Readers of my words in the past no know that I have no love for the RIAA. In my opinion their actions have been as criminal as those of their opponents and, worse, they have used their immense industry power to pass laws that while helpful to them in their fight have also done terrible collateral damage that harms other industries and nukes the legal uses for products with which they object.

So it may come as a surprise that I support the RIAA in their latest vow to rid the world of criminal copyists by directly going after those who commercially abuse their copyrights.

If some one is stealing their copyrighted material and profiting from marketing it, of course they have the right to go after the culprits and capture and prosecute them.
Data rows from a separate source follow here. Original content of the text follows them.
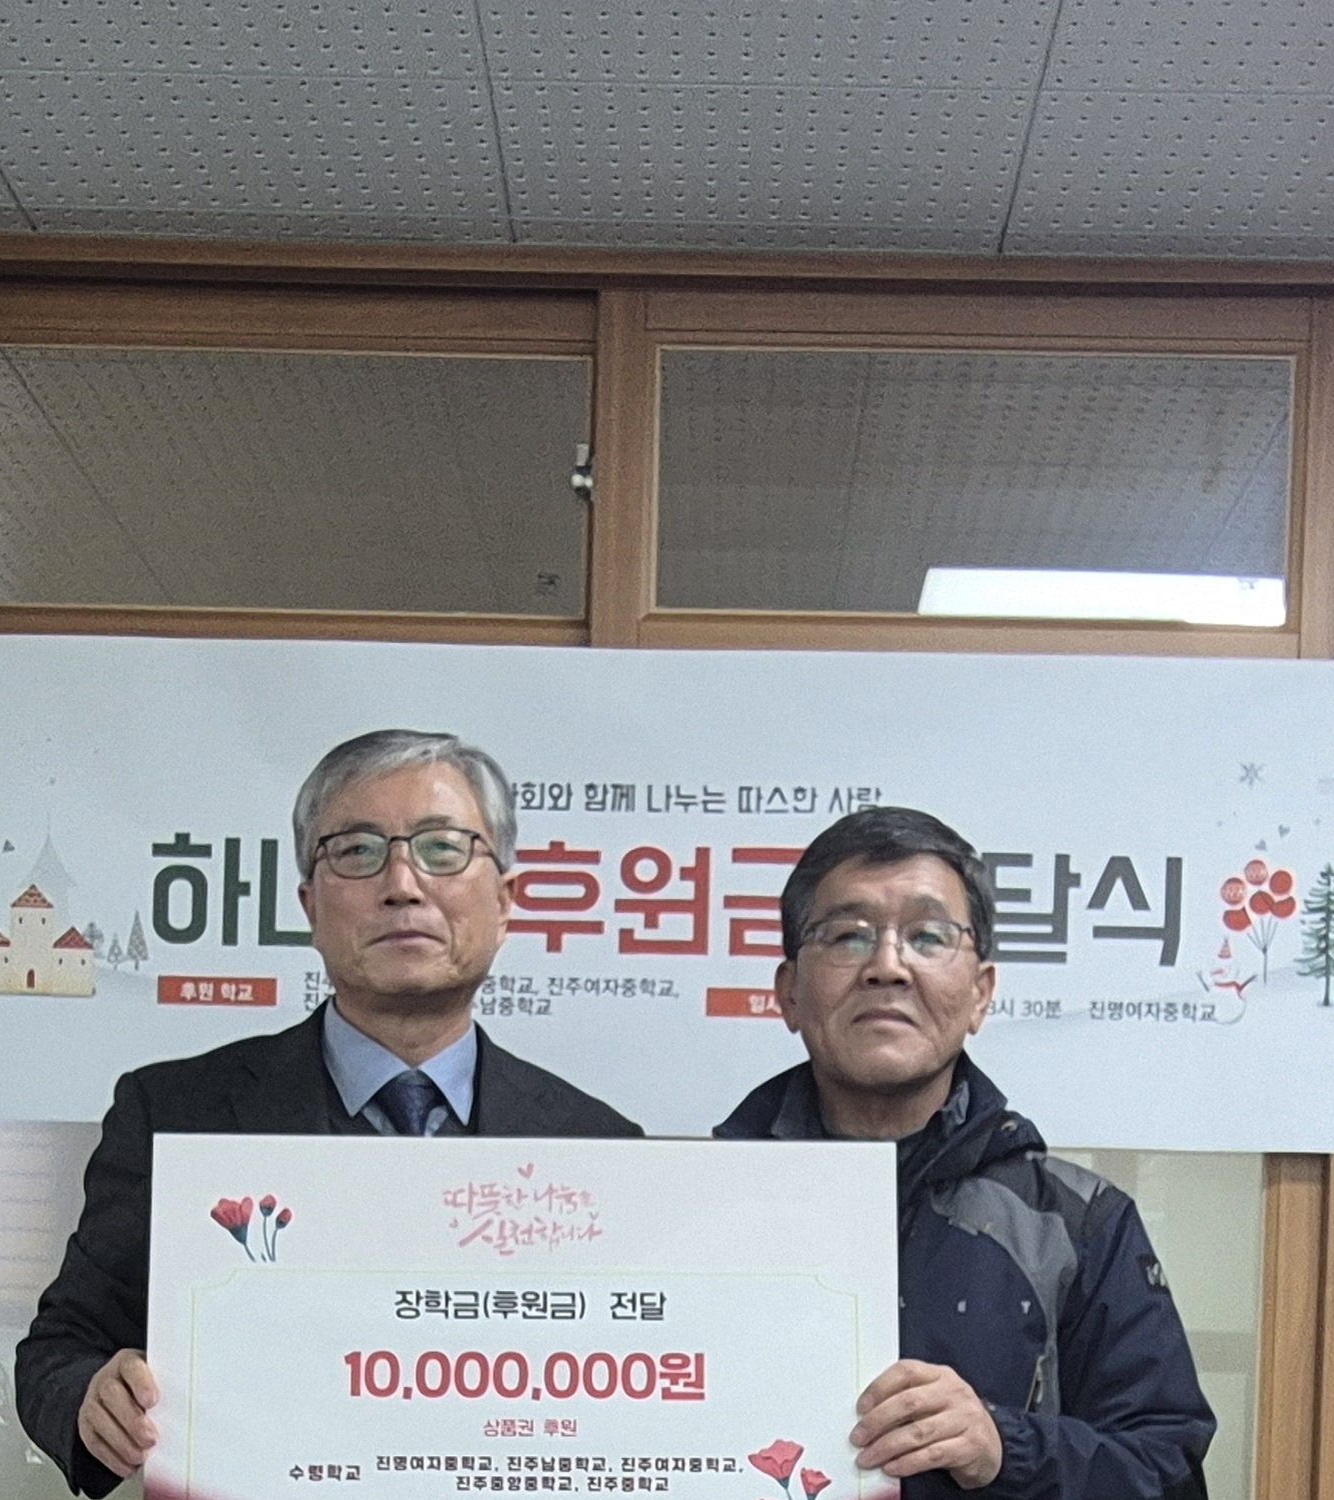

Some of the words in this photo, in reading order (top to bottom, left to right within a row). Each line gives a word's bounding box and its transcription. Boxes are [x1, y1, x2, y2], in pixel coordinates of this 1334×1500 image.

[584, 783, 636, 812] 함께
[647, 784, 727, 814] 나누는
[737, 785, 819, 814] 따스한
[180, 982, 214, 1000] 후원
[221, 983, 254, 1001] 학교
[547, 976, 680, 998] 진주여자중학교,
[1022, 1001, 1061, 1019] 30분
[1089, 1001, 1217, 1022] 진명여자중학교
[394, 1289, 587, 1320] 장학금(후원금)
[610, 1291, 667, 1321] 전달
[344, 1351, 706, 1401] 10,000,000원
[483, 1419, 534, 1437] 상품권
[544, 1419, 578, 1437] 후원
[289, 1464, 361, 1482] 수령학교
[376, 1455, 499, 1472] 진명여자중학교,
[507, 1456, 613, 1473] 진주남중학교,
[621, 1457, 744, 1473] 진주여자중학교,
[587, 1477, 669, 1492] 진주중학교
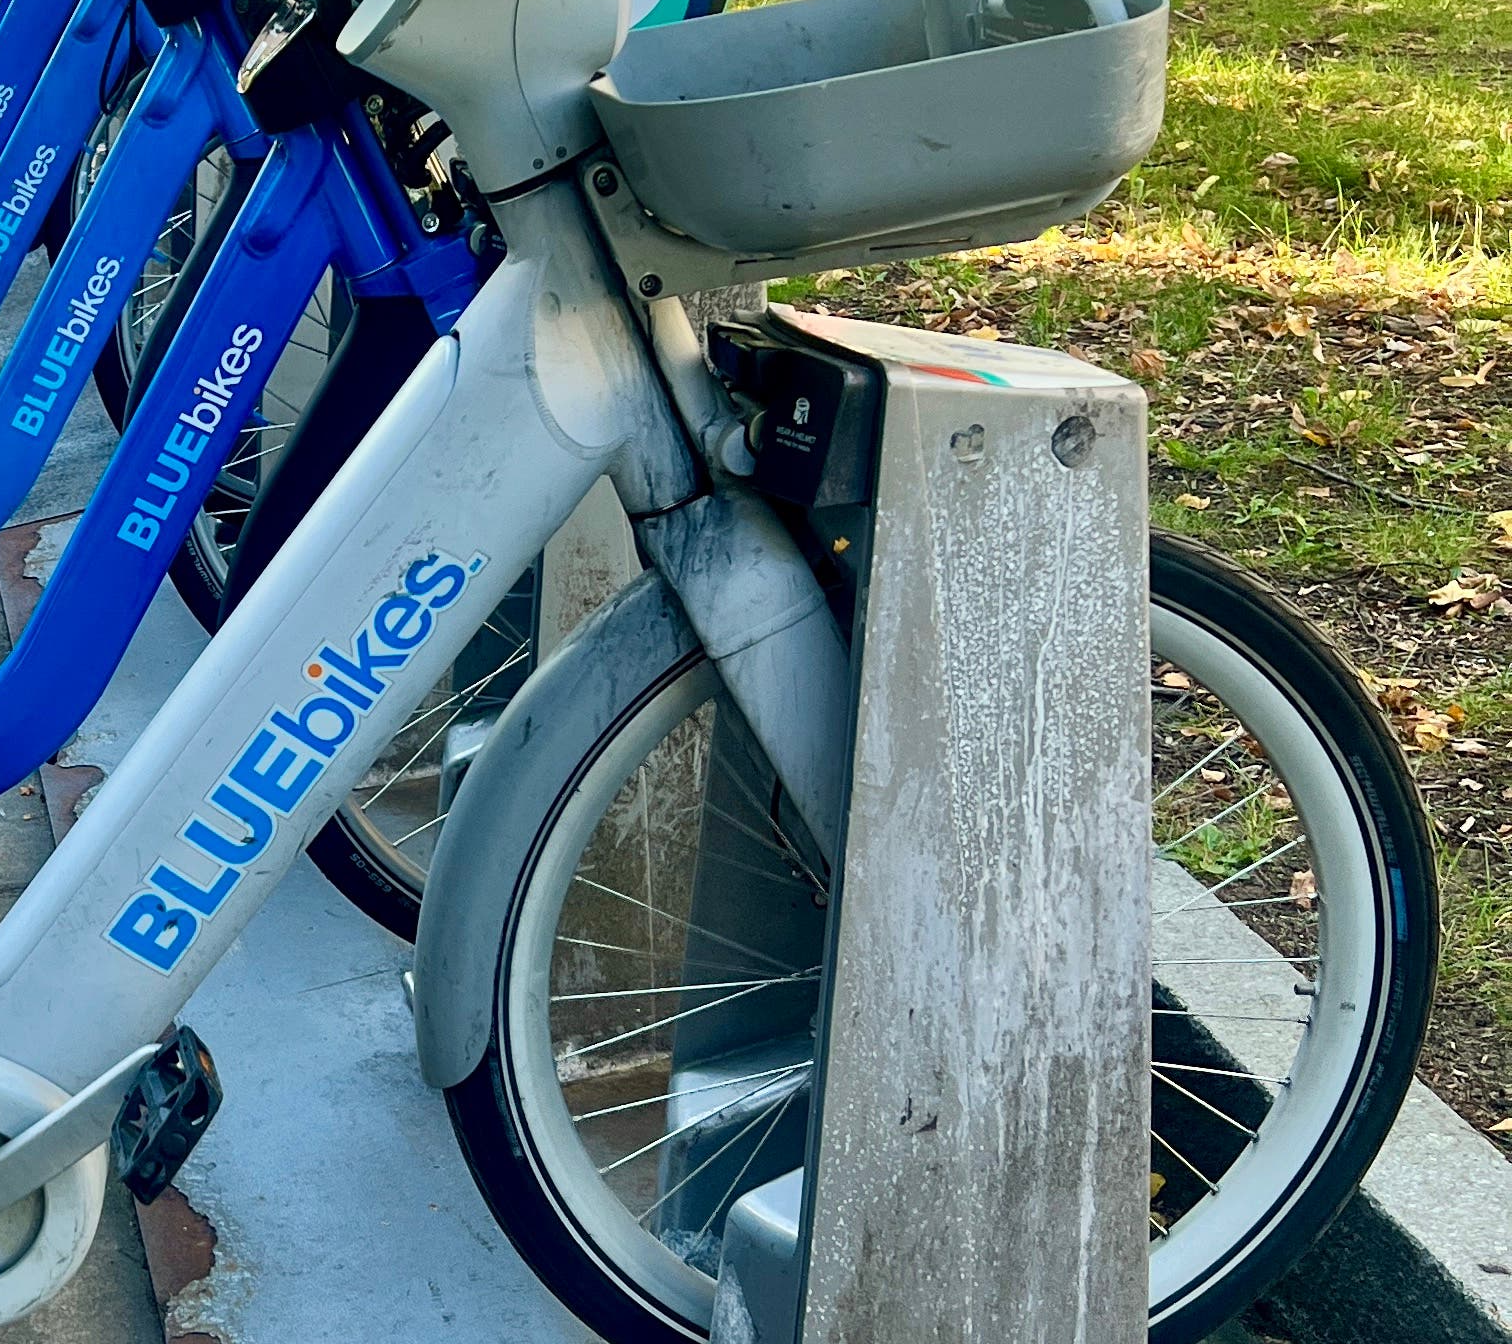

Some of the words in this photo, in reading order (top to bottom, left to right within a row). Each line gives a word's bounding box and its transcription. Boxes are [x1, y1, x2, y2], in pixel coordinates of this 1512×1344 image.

[11, 256, 119, 437] BLUEbikes
[117, 323, 263, 552] BLUEbikes
[107, 554, 468, 971] BLUEbikes
Stealing is wrong and always has been.

However the RIAA has shown no sensitivity to the rights of others in their own useless pursuit of keeping their business model afloat in a society that has passed it by. In their wake they have passed such hideous and counter-productive laws such as the DMCA to defend their shrinking kingdom.

The DMCA is critical for the RIAA, for it is only this flimsy law, rooted in the power of rich industries to influence Congress, that permits the old business model to continue in the light of Internet technology.

One would logically think that the owner of so many protected works with the money to modify their delivery systems from ancient physical delivery systems to modern convenient online delivery to the home computer and/or electronic home entertainment systems would have no problems in seeing that a change to a new business model would only continue its operation and dominance into the future.

The software industry, for example, started down the protection path, but now seem to understand that market forces preclude over the top remedies. But it seems that the industry is really in the business of delivering physical disks which only incidentally contain music.

The old business model will no longer work. Even the musicians themselves see the light that RIAA has cast a blind eye towards. People can now get music directly from the musicians much better without the RIAA than from the RIAA themselves. Down loading is quicker and more convenient. And it no longer costs millions of dollars to create a site to provide music. But rather than noticing this, the RIAA pig headedly and doggedly refuse to embrace this new technology and instead try to force the public to adhere to the old model.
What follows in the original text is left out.